#### [EXERCISE OBJECTIVE]
All entries are to be reproduced exactly; the pictures are to be omitted.

[Stored dataset items]

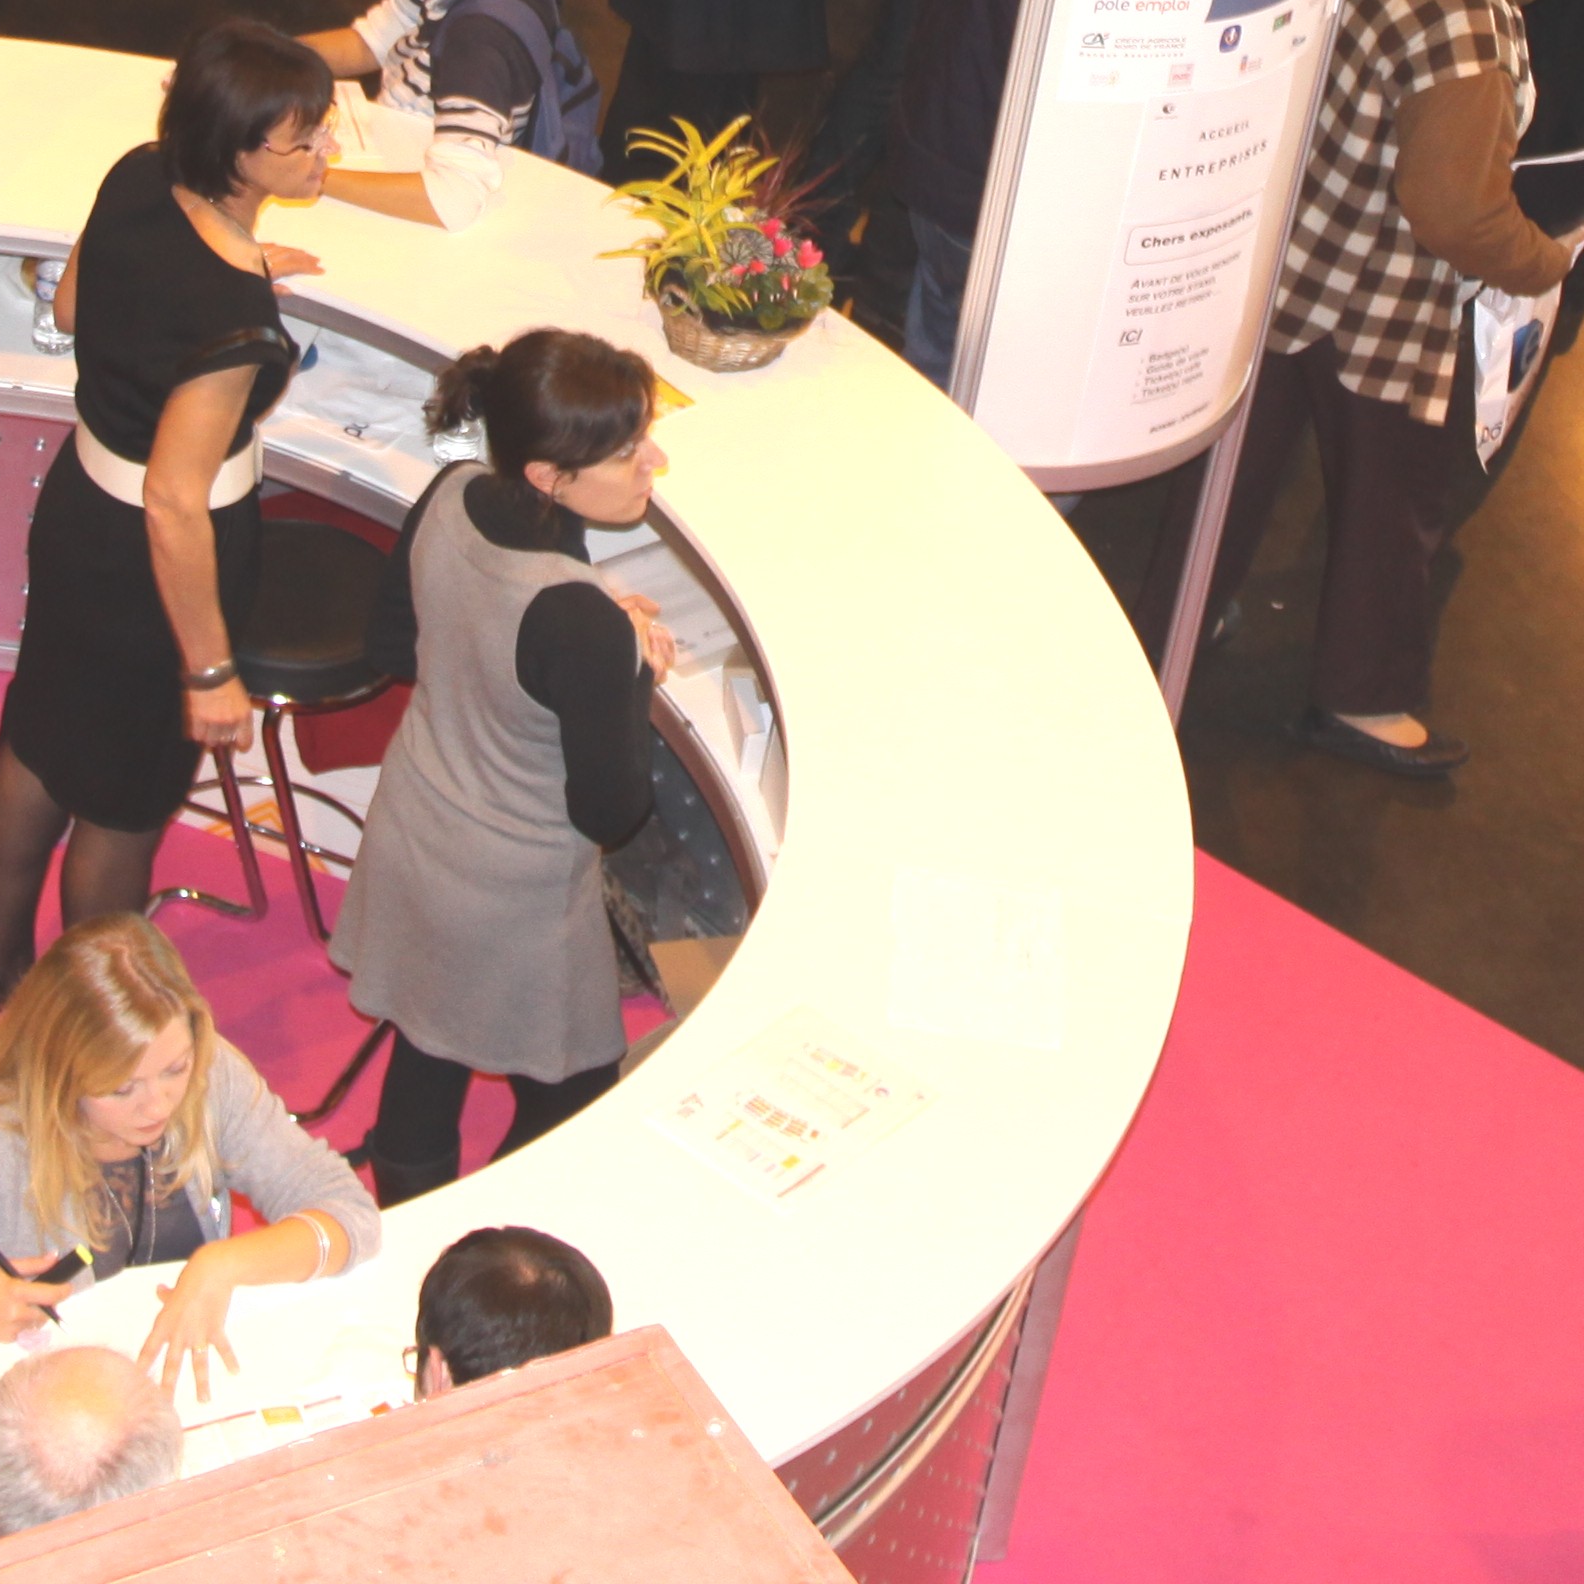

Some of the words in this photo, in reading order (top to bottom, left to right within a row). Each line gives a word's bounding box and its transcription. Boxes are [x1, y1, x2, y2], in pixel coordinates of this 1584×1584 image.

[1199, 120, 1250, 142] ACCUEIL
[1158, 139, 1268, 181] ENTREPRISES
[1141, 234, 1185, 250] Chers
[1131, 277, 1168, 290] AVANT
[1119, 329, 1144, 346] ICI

#### [SOLVED PROBLEM]
Some of the words in this photo, in reading order (top to bottom, left to right within a row). Each line gives a word's bounding box and its transcription. Boxes are [x1, y1, x2, y2], in pixel coordinates of this 1584×1584 image.

[1199, 120, 1250, 142] ACCUEIL
[1158, 139, 1268, 181] ENTREPRISES
[1141, 234, 1185, 250] Chers
[1131, 277, 1168, 290] AVANT
[1119, 329, 1144, 346] ICI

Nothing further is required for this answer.